Return every record below exactly as written, but leave out the pictures.

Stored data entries
<<<<

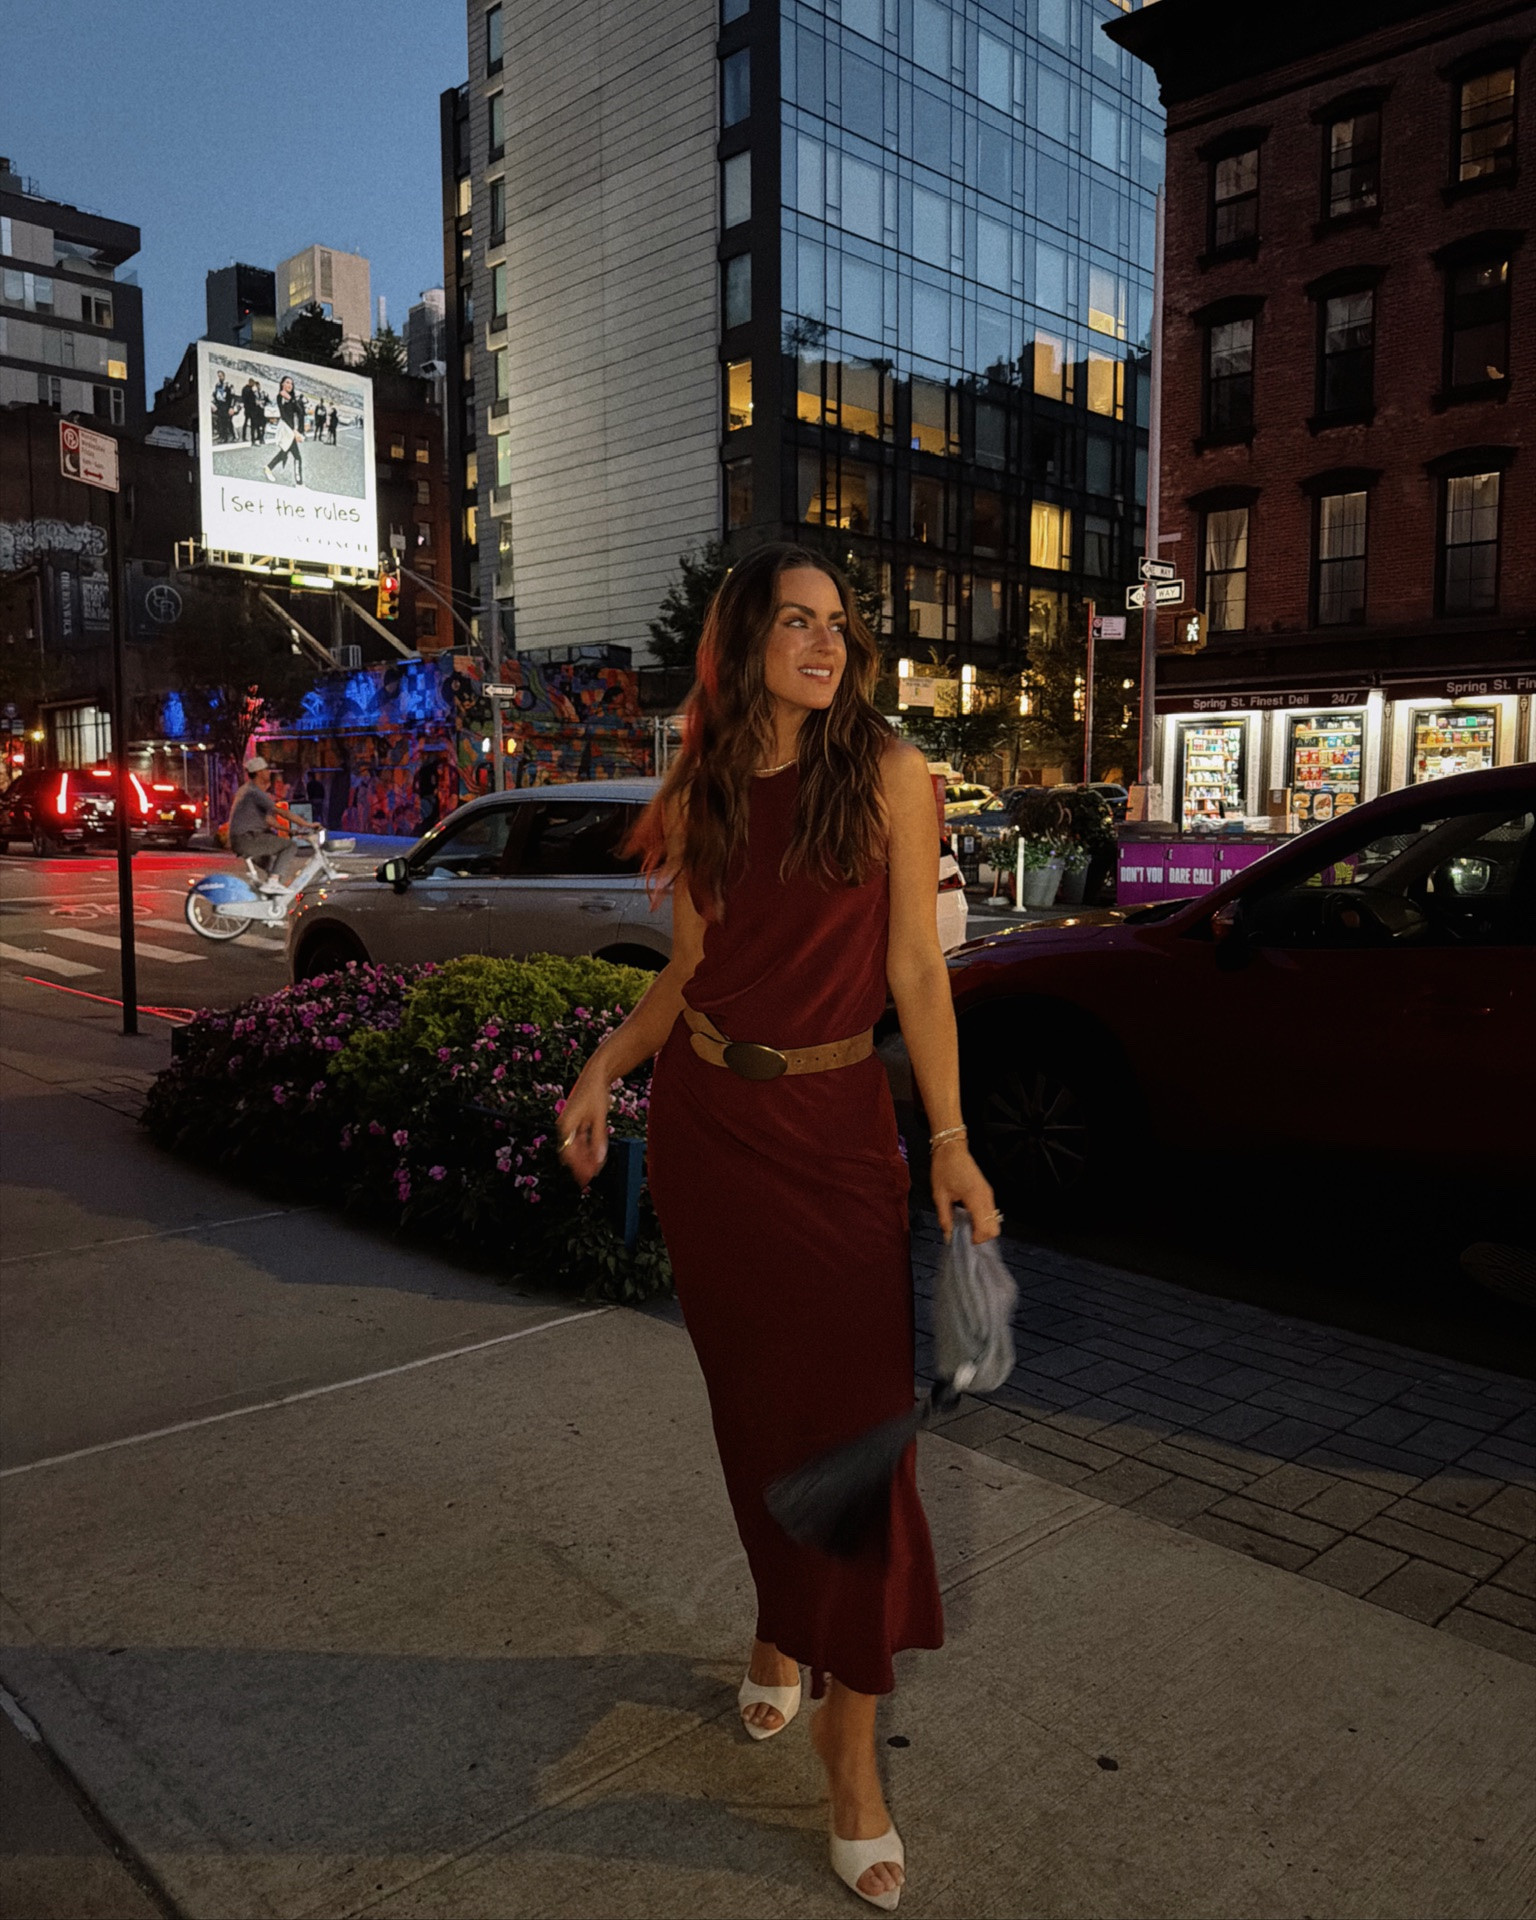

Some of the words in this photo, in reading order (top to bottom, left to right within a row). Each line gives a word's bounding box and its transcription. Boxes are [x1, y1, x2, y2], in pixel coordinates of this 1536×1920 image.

[221, 487, 225, 511] I
[231, 496, 264, 514] set
[276, 498, 305, 518] the
[315, 502, 360, 522] rules
[1144, 565, 1155, 575] ONE
[1158, 589, 1176, 598] WAY
[1446, 681, 1487, 695] Spring
[1493, 678, 1511, 690] St.
[1193, 699, 1227, 710] Spring
[1231, 697, 1245, 707] St.
[1250, 695, 1283, 707] Finest
[1288, 694, 1309, 705] Deli
[1331, 692, 1358, 704] 24/7
[1120, 866, 1145, 883] DON'T
[1146, 867, 1164, 883] YOU
[1169, 868, 1191, 884] DARE
[1192, 868, 1214, 885] CALL
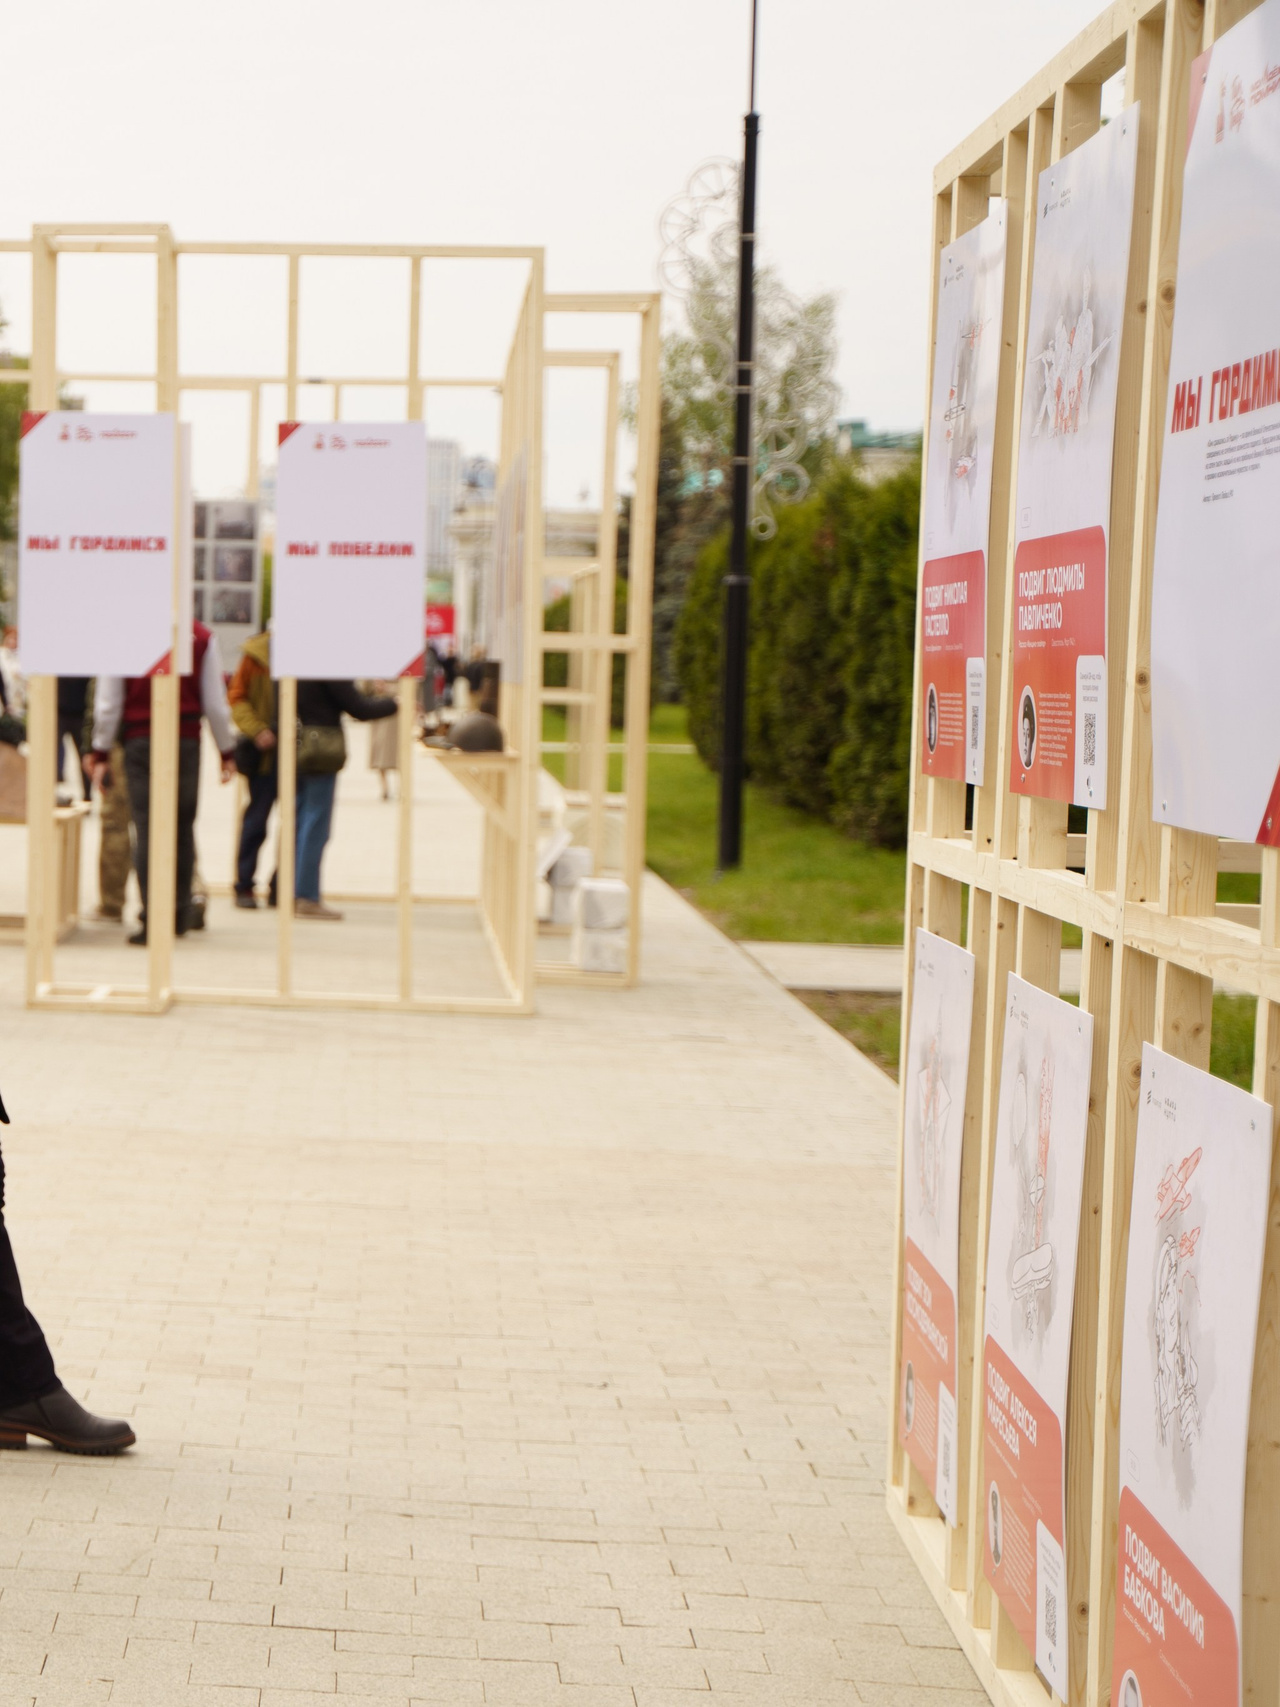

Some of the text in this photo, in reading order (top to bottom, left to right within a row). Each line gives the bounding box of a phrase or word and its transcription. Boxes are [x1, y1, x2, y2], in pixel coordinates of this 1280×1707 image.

[1171, 349, 1280, 434] МЫ ГОРДИМ
[27, 536, 166, 551] МЫ ГОРДИМСЯ
[287, 542, 414, 556] МЫ ПОБЕДИМ
[1019, 563, 1085, 600] ПОДВИГ ЛЮДМИЛЫ
[1019, 602, 1062, 631] ПАВЛИЧЕНКО
[987, 1362, 1010, 1410] ПОДВИГ
[1010, 1391, 1037, 1448] АЛЕКСЕЯ
[987, 1394, 1020, 1461] МАРЕСЬЕВА
[1124, 1564, 1166, 1641] БАБКОВА
[1125, 1524, 1160, 1590] ПОДВИГ
[1161, 1566, 1205, 1649] ВАСИЛИЯ

>>>>

■ Your solution:
Some of the words in this photo, in reading order (top to bottom, left to right within a row). Each line gives a word's bounding box and its transcription. Boxes are [x1, y1, x2, y2], in pixel coordinates of this 1536×1920 image.

[221, 487, 225, 511] I
[231, 496, 264, 514] set
[276, 498, 305, 518] the
[315, 502, 360, 522] rules
[1144, 565, 1155, 575] ONE
[1158, 589, 1176, 598] WAY
[1446, 681, 1487, 695] Spring
[1493, 678, 1511, 690] St.
[1193, 699, 1227, 710] Spring
[1231, 697, 1245, 707] St.
[1250, 695, 1283, 707] Finest
[1288, 694, 1309, 705] Deli
[1331, 692, 1358, 704] 24/7
[1120, 866, 1145, 883] DON'T
[1146, 867, 1164, 883] YOU
[1169, 868, 1191, 884] DARE
[1192, 868, 1214, 885] CALL

Some of the text in this photo, in reading order (top to bottom, left to right within a row). Each line gives the bounding box of a phrase or word and its transcription. Boxes are [x1, y1, x2, y2], in pixel coordinates of this 1280×1707 image.

[1171, 349, 1280, 434] МЫ ГОРДИМ
[27, 536, 166, 551] МЫ ГОРДИМСЯ
[287, 542, 414, 556] МЫ ПОБЕДИМ
[1019, 563, 1085, 600] ПОДВИГ ЛЮДМИЛЫ
[1019, 602, 1062, 631] ПАВЛИЧЕНКО
[987, 1362, 1010, 1410] ПОДВИГ
[1010, 1391, 1037, 1448] АЛЕКСЕЯ
[987, 1394, 1020, 1461] МАРЕСЬЕВА
[1124, 1564, 1166, 1641] БАБКОВА
[1125, 1524, 1160, 1590] ПОДВИГ
[1161, 1566, 1205, 1649] ВАСИЛИЯ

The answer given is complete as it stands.